Your fridge has one, your freezer might have two and your heat pump definitely has one: a compressor. It’s the refrigerant pump responsible for moving refrigerant around your system.
It lives in nearly ideal conditions: surrounded by warm oil, with no air or combustibles, so it never needs an oil change or any servicing.
If you sit quietly in your kitchen tonight, you’ll hear your fridge buzzing… that’s the compressor spinning. It sounds a bit like an electric razor or a rampant rabbit (Google it), but quieter.
If you listen to your heat pump, though, it’s unlikely you’ll hear a thing because the compressor is surrounded by layers of soundproofing.

They’re always black and the compressor lives inside the heat pump wrapped in insulation, both for noise reduction and to stop heat escaping.
Inside, it’s a motor with a compressor module bolted on (see top picture). In all but the most dreadful heat pumps, the compressor motor is driven by an inverter, a clever device that controls the compressor’s speed: fast when lots of heat is needed, slow when it isn’t.
In the dark ages, we had fixed-speed compressors like those in your fridge. The first inverter air conditioners appeared in 1986, but the heat pump world was a bit slow to catch on. Some truly awful heat pumps still use fixed-speed compressors and I assume the developers of those go to work by steam train. I’ve never sold a heat pump with a fixed-speed compressor.
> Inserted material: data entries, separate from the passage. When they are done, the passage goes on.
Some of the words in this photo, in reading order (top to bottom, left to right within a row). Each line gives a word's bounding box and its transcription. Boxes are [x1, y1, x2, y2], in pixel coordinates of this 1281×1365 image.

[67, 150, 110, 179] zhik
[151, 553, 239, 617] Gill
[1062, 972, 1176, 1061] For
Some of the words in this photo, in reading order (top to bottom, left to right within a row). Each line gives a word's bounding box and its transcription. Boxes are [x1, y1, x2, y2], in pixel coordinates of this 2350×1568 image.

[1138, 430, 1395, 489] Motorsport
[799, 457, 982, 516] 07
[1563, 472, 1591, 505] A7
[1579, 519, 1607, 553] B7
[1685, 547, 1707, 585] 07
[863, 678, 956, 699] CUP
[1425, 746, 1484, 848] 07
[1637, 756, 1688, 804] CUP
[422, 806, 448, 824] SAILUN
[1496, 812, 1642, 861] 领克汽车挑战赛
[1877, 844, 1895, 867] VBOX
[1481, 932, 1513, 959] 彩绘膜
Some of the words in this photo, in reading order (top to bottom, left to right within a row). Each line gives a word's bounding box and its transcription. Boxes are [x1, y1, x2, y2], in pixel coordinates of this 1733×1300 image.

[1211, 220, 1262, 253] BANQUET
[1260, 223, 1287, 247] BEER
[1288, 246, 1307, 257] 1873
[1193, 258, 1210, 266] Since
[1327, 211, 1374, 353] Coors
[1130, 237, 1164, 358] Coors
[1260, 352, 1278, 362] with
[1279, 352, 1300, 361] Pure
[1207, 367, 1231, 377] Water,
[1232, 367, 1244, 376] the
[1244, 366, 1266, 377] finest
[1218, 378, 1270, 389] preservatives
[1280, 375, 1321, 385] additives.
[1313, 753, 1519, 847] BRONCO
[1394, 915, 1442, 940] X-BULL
I wanted some real-world running data, so I went to the best in the business (Adia and Heatio) both of whom constantly log detailed operational stats. I asked for minute-by-minute data from a couple of random units.
The first example was a heat pump handling both heating and hot water, slightly oversized, which made it interesting. The compressor only runs when warm water is needed, so in summer it’s mostly off (except for hot water) and in winter it spins almost constantly. Over the year we analysed, it spent 62% of its time idle and only 436 minutes between 80-100% output.
Across that year, it turned 269.5 million times at an average of 450 rpm or about 7.5 revolutions per second if it had run 24/7.
In the second example, which was better sized, it spent 67% of the year idle and turned 237 million times in total.
A heat pump is expected to last 10-15 years. Based on these two examples, that’s roughly 3.5 billion rotations.
To put that in perspective: your car, doing 100,000 miles at an average 30 mph (around 3,000 hours at 2,000 rpm), achieves fewer than 500 million rotations.
You have to admit, a heat pump compressor is one seriously impressive piece of engineering.